Reproduce the records below exactly, leaving out any pictures.

Available data:
↓↓↓

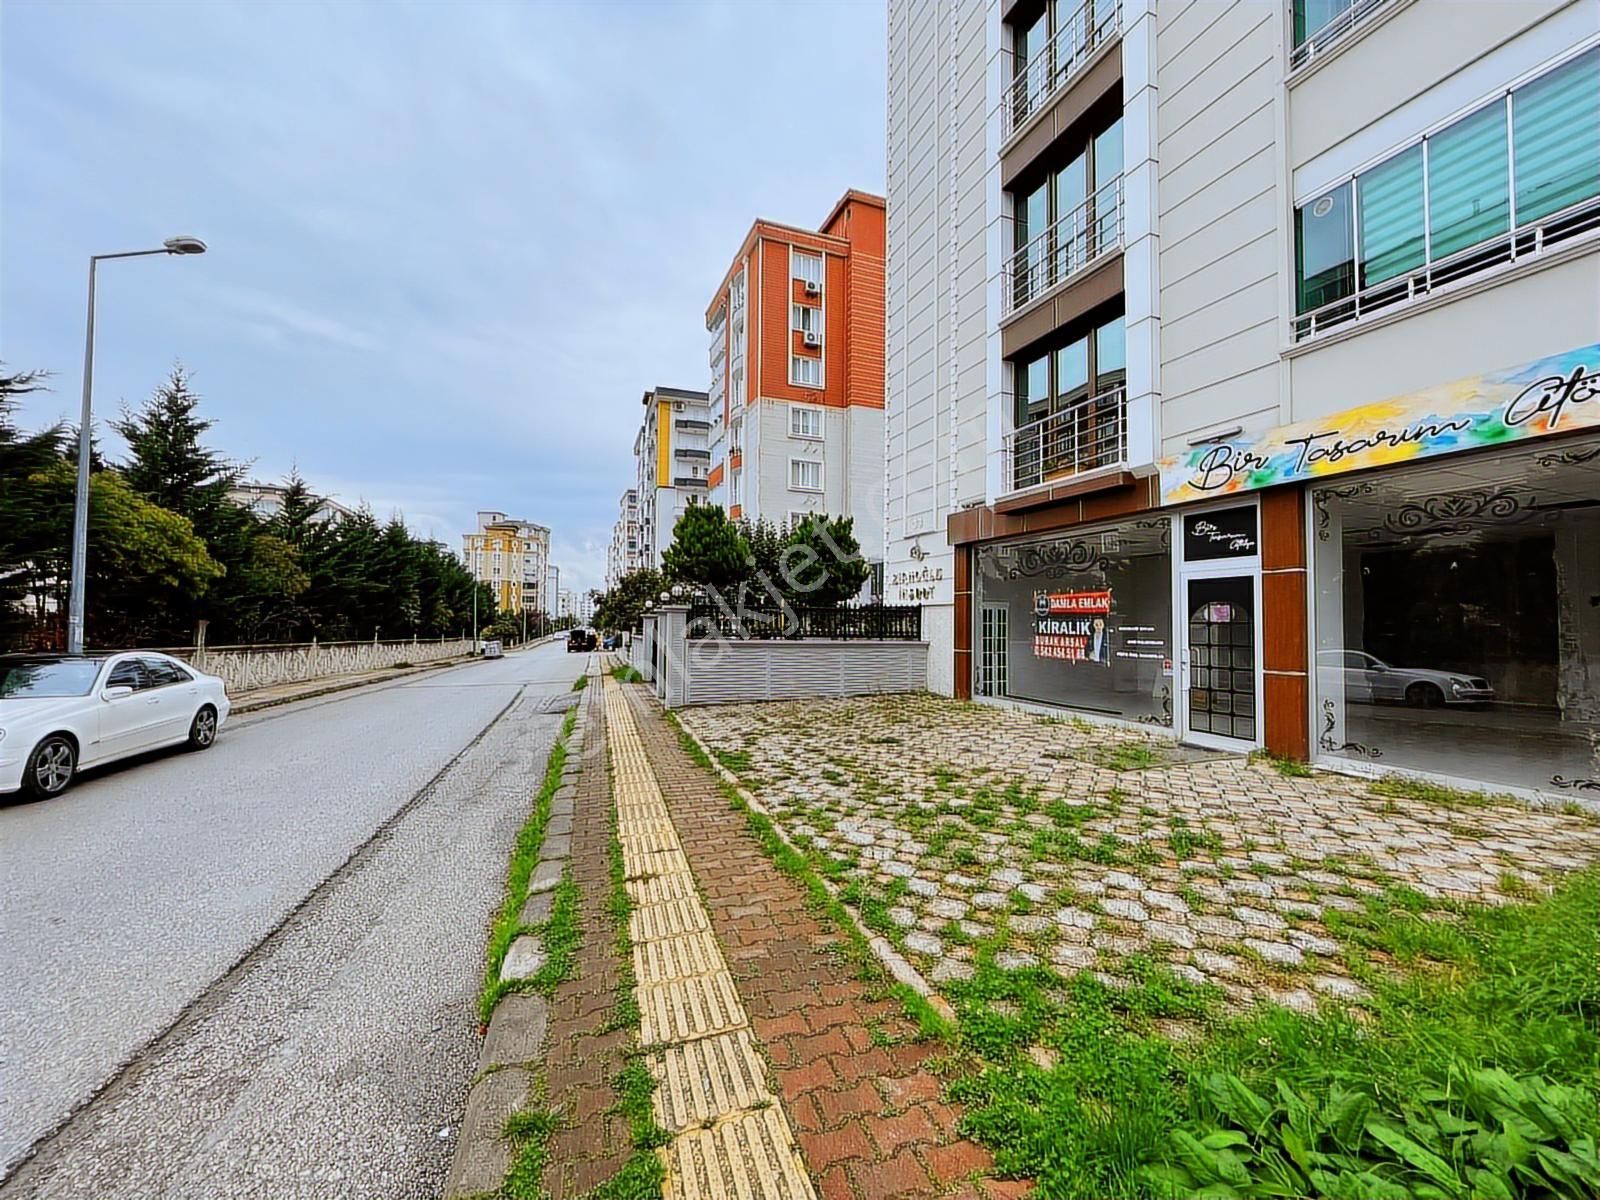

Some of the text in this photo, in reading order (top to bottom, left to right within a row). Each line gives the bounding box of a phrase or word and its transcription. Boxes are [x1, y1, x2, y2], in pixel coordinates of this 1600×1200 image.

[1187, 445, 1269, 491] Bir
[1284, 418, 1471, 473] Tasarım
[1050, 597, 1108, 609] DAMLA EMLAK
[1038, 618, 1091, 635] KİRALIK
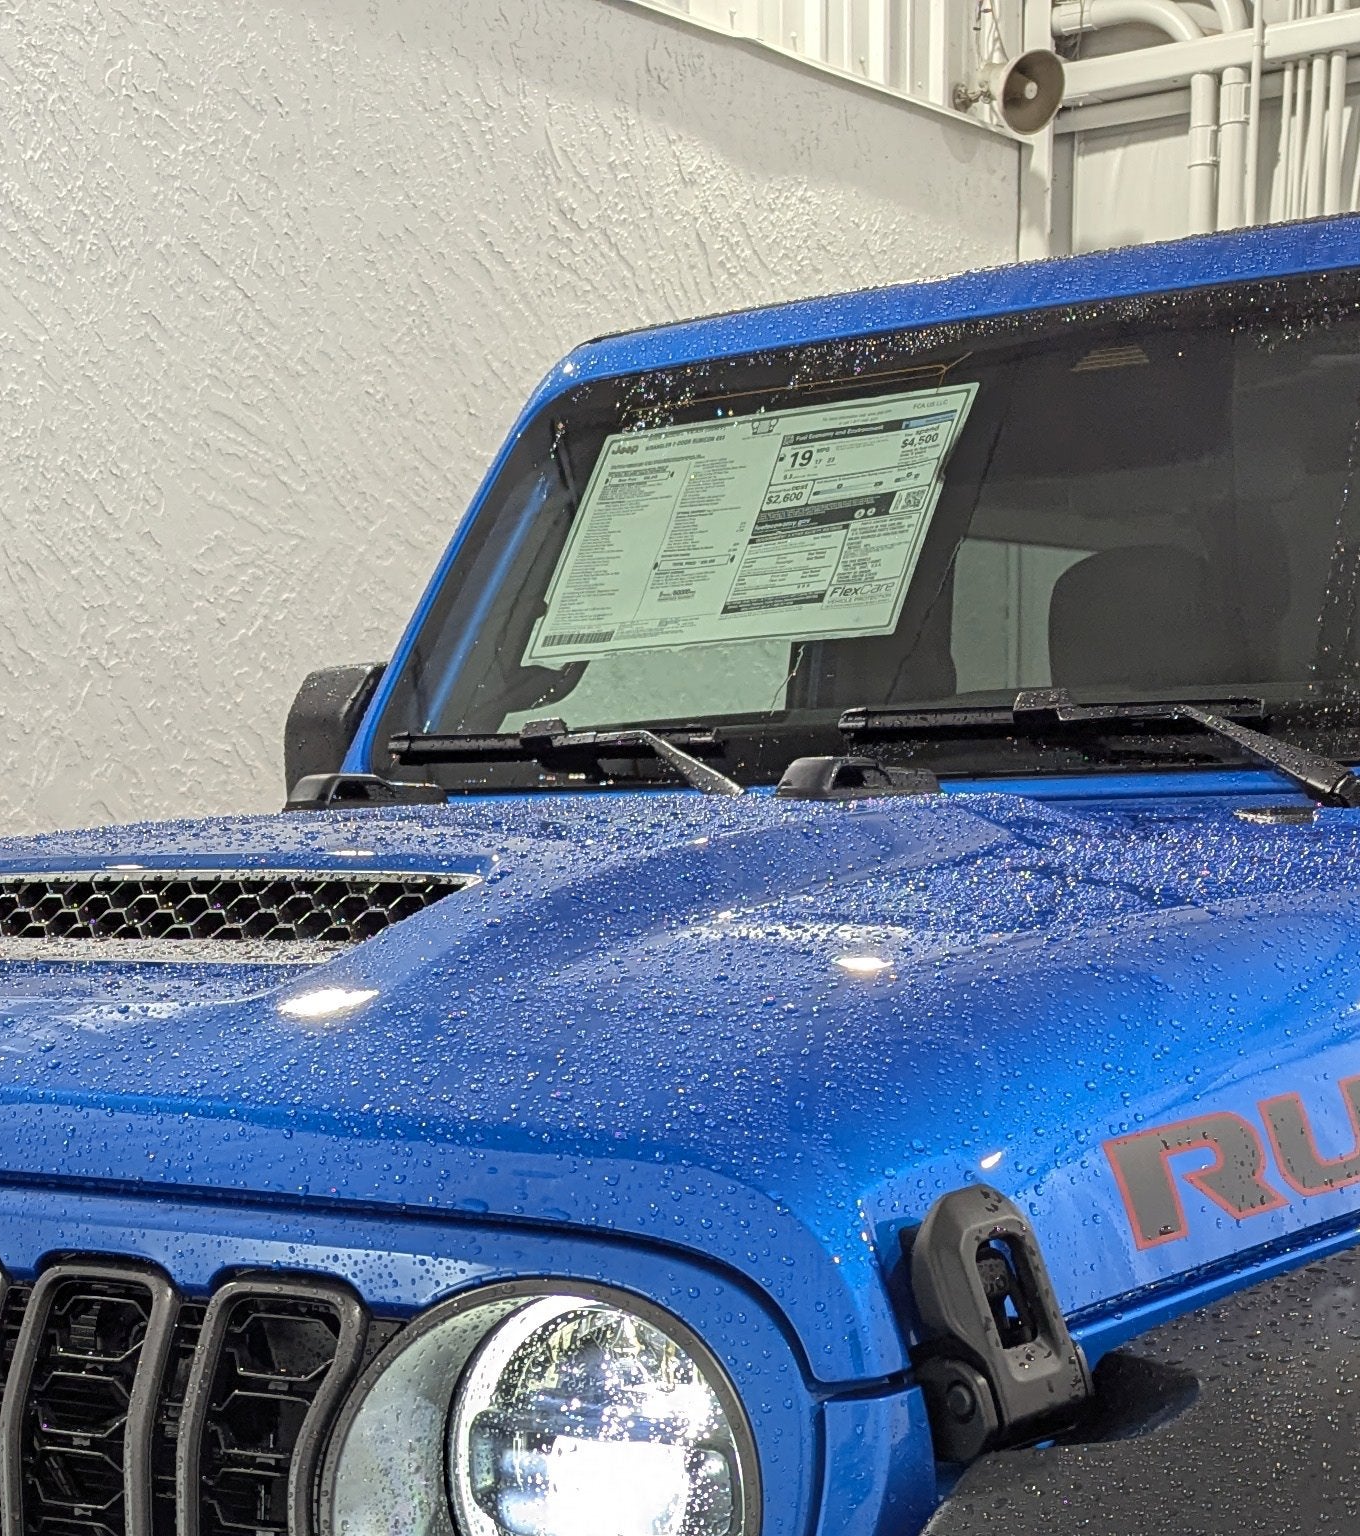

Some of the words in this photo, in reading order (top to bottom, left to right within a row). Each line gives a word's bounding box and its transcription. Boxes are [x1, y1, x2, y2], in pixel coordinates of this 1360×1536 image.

↑↑↑

Answer to this task:
Some of the text in this photo, in reading order (top to bottom, left to right within a row). Each line gives the bounding box of a phrase or word and its transcription. Boxes are [x1, y1, x2, y2], in pixel coordinates of this 1600×1200 image.

[1187, 445, 1269, 491] Bir
[1284, 418, 1471, 473] Tasarım
[1050, 597, 1108, 609] DAMLA EMLAK
[1038, 618, 1091, 635] KİRALIK

Some of the words in this photo, in reading order (top to bottom, left to right within a row). Each line gives a word's bounding box and its transcription. Boxes are [x1, y1, x2, y2], in pixel coordinates of this 1360×1536 image.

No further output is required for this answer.